AI, NLG, and Machine Learning

How AI Can Predict the Severity of Coronavirus

In the wake of the coronavirus pandemic, artificial intelligence (AI) has stepped up in many ways to help combat the potentially deadly virus.

By Tauren Dyson
May 20, 2020

In the wake of the coronavirus pandemic, artificial intelligence (AI) has stepped up in many ways to help combat the potentially deadly virus.

Some research uses AI to sort through the socioeconomic factors that put people at a higher risk for contracting coronavirus.

About 80 percent of coronavirus patients have only mild symptoms. But for others, the virus can be debilitating.

In the past, AI tools have been used to examine retinal images to predict heart attack risk and chest X-rays for tuberculosis. The researchers combined the use of AI with decision trees, a predictive analytics method, to produce their findings.

The researchers of this study wanted to create an AI tool that uses existing patient data to help doctors make clinical decisions.

Anasse Bari, a researcher at the Courant Institute, and Megan Coffee, a researcher at New York University (NYU), worked with doctors from Wenzhou Central Hospital and Cangnan People’s Hospital in China to publish a study, titled “Towards an Artificial Intelligence Framework for Data-Driven Prediction of Coronavirus Clinical Severity.”

The team of researchers created an AI tool that could accurately forecast the likelihood of developing severe respiratory disease in patients newly infected with SARS-CoV-2, or coronavirus.

“Our goal was to design and deploy a decision-support tool using AI capabilities—mostly predictive analytics—to flag future clinical coronavirus severity,” Bari said in a press release. “We hope that the tool, when fully developed, will be useful to physicians as they assess which moderately ill patients really need beds and who can safely go home, with hospital resources stretched thin.”
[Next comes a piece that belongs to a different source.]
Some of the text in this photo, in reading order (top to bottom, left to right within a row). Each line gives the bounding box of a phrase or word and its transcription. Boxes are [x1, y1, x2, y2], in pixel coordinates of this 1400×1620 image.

The team suggested that predictive analytics could be used in practical clinical settings by doctors to figure out whether a coronavirus patient is likely to become severely ill or not.

“Predictive analytics (a form of artificial intelligence) learns from historical data to help predict future outcomes,” the researchers said. “The technology uses machine learning algorithms that can extract insights and rules from experience (historical examples) in order to determine data attributes (features) with the most predictive power for making accurate predictions.”
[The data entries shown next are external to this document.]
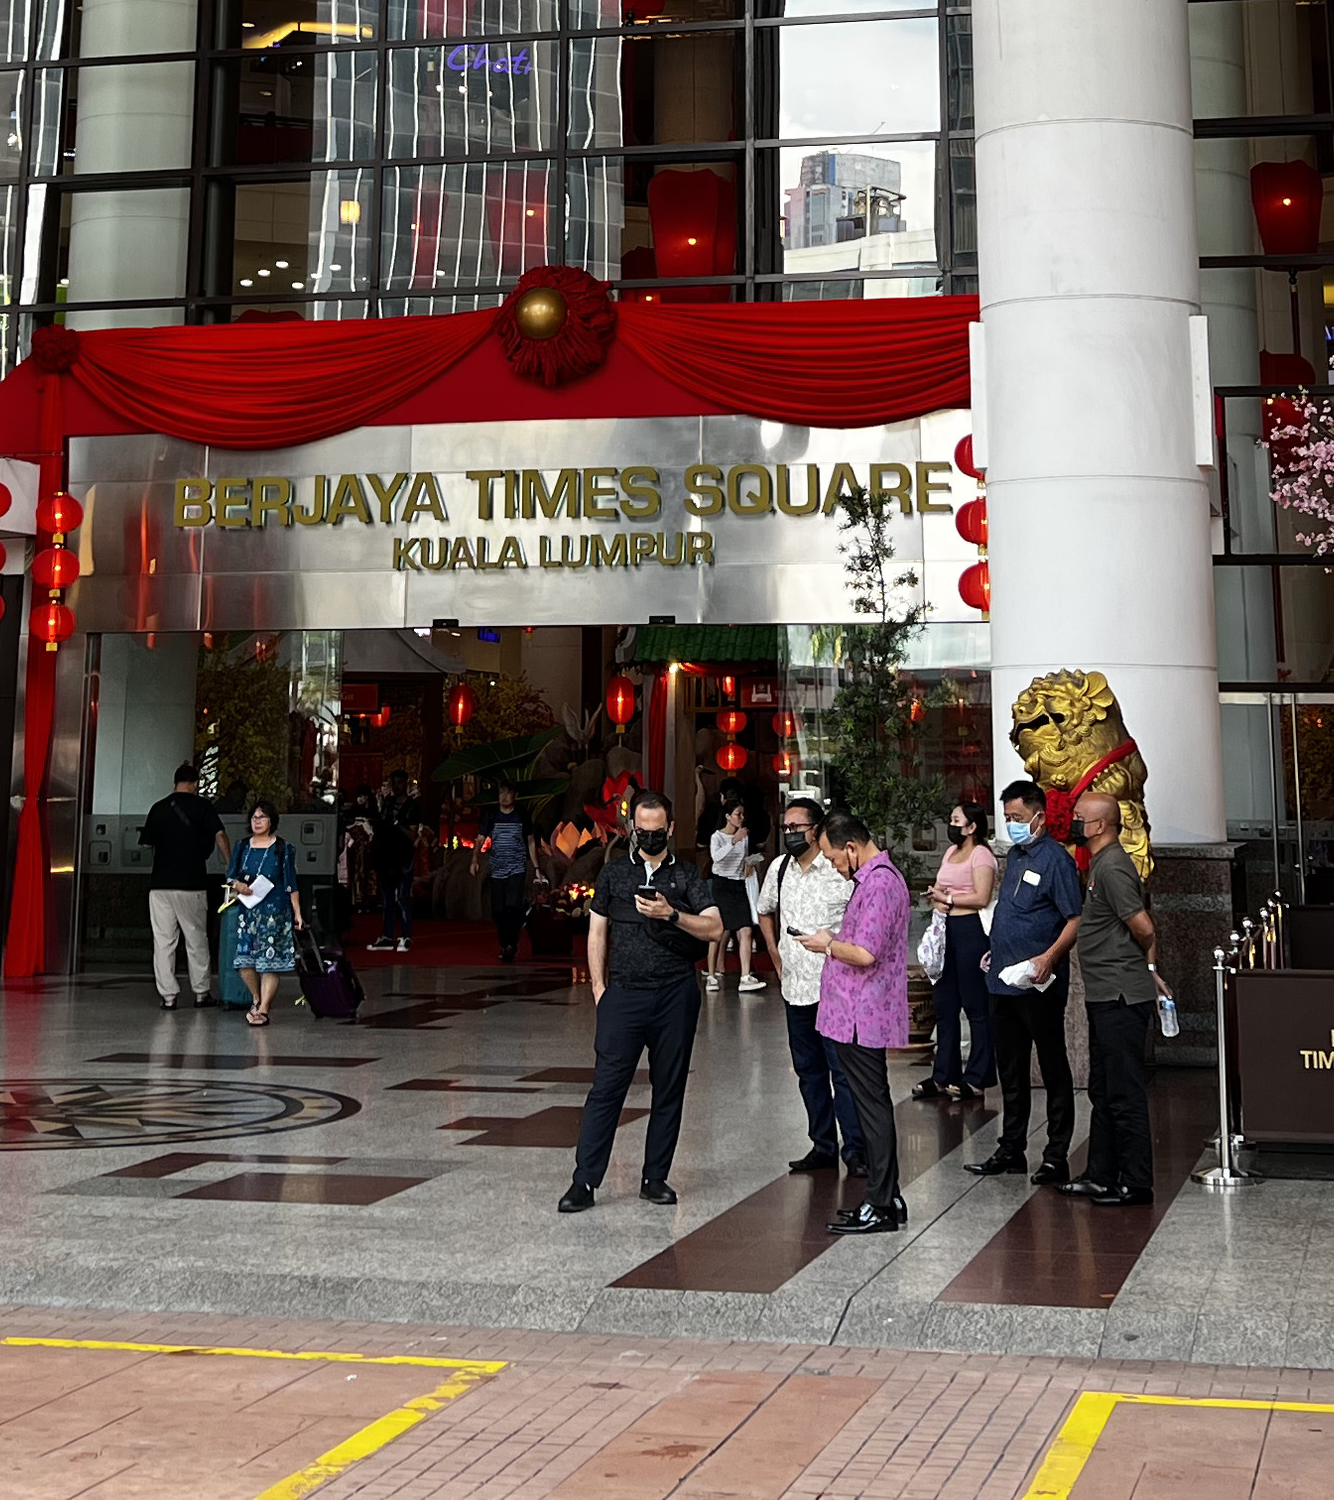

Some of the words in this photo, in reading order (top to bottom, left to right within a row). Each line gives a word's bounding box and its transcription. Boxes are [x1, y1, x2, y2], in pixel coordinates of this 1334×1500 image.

[173, 472, 447, 528] BERJAYA
[466, 466, 662, 520] TIMES
[683, 461, 953, 517] SQUARE
[393, 536, 527, 570] KUALA
[539, 531, 715, 569] LUMPUR
The study included 33 men and 20 women, at a median age of 43. None of the patients were over the age of 67. Their symptoms ranged from coughing, fever, and upset stomachs. But a small number of patients had symptoms such as dyspnea, nasal congestion, myalgia, nasal congestion, sore throat, and wheezing.

The researchers built computer models that absorbed patient data. Then the models used decision trees to follow a sequence of choices based on multiple options at every point.
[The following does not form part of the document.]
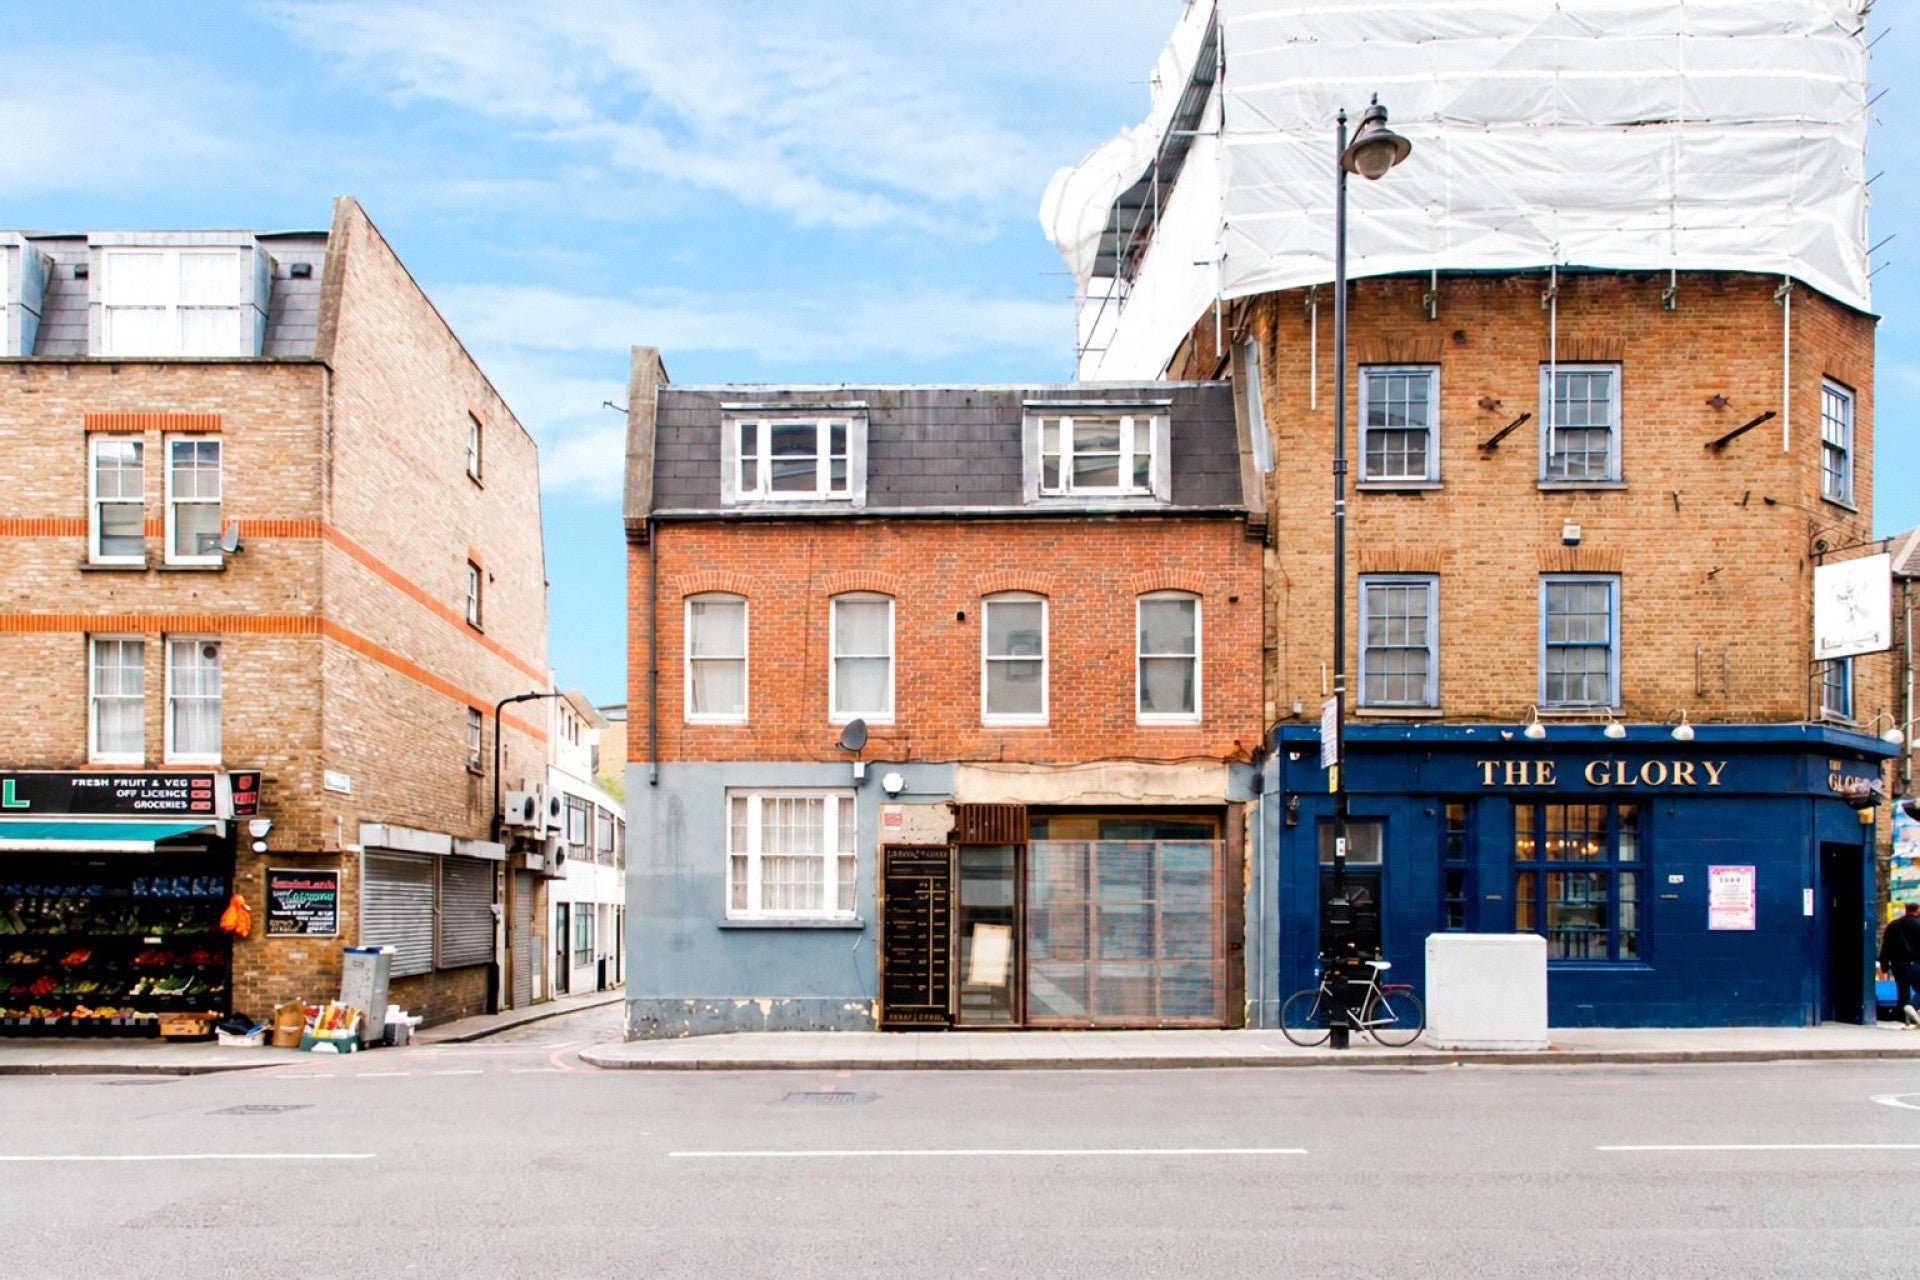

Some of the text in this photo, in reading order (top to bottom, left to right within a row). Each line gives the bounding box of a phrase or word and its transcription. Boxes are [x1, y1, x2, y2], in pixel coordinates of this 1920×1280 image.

[1477, 760, 1728, 786] THE GLORY
[71, 779, 189, 787] FRESH FRUIT & VEG
[116, 789, 188, 798] OFF LICENCE
[133, 800, 188, 810] GROCERIES
They discovered that the normal coronavirus symptoms, like fever and specific characteristics in lung images—such as ground-glass opacities and strong immune responses—weren’t helpful in telling which of the 53 patients would go on to develop severe lung disease. Age and gender didn’t matter either.

Blood analytics, like immune system cell levels and hemoglobin, along with physical symptoms and radiological results, were also measured to assess the patients’ conditions.

The findings showed that slight changes in liver enzyme alanine (ALT) levels, patient-reported myalgia (muscle aches), and elevated hemoglobin levels were the best predictors of which patients would develop serious respiratory distress.

With those indicators, plus other factors, the researchers were able to predict 80 percent of the patients who went on to develop acute respiratory distress syndrome (ARDS).

“Just as predictive text is intended to augment but not replace writers, the goal is not to create a black box to supersede clinical reasoning but to create models that can provide insight,” the researchers wrote. “Further refinement of these models with more data, from different settings with different spectrums of severity, would strengthen the predictive power of the model and allow it to be a useful tool.”

The researchers acknowledge this AI tool is just a prototype, and they note about their small-scale study, “Further validation and refinement of this model for a wider clinical spectrum will require further clinical datasets with diverse disease presentations, which we look to include in the near future.

“We hope that the tool, when fully developed, will be useful to physicians as they assess which moderately ill patients really need beds and who can safely go home, with hospital resources stretched thin.”

At the time of this writing, on April 24, 2020, 2,658,062 coronavirus cases have been confirmed around the globe, including 48,061 deaths.

“I will be paying more attention in my clinical practice to our data points, watching patients closer if they, for instance, complain of severe myalgia,” Coffee said. “It’s exciting to be able to share data with the field in real time when it can be useful. In all past epidemics, journal papers only published well after the infections had waned.”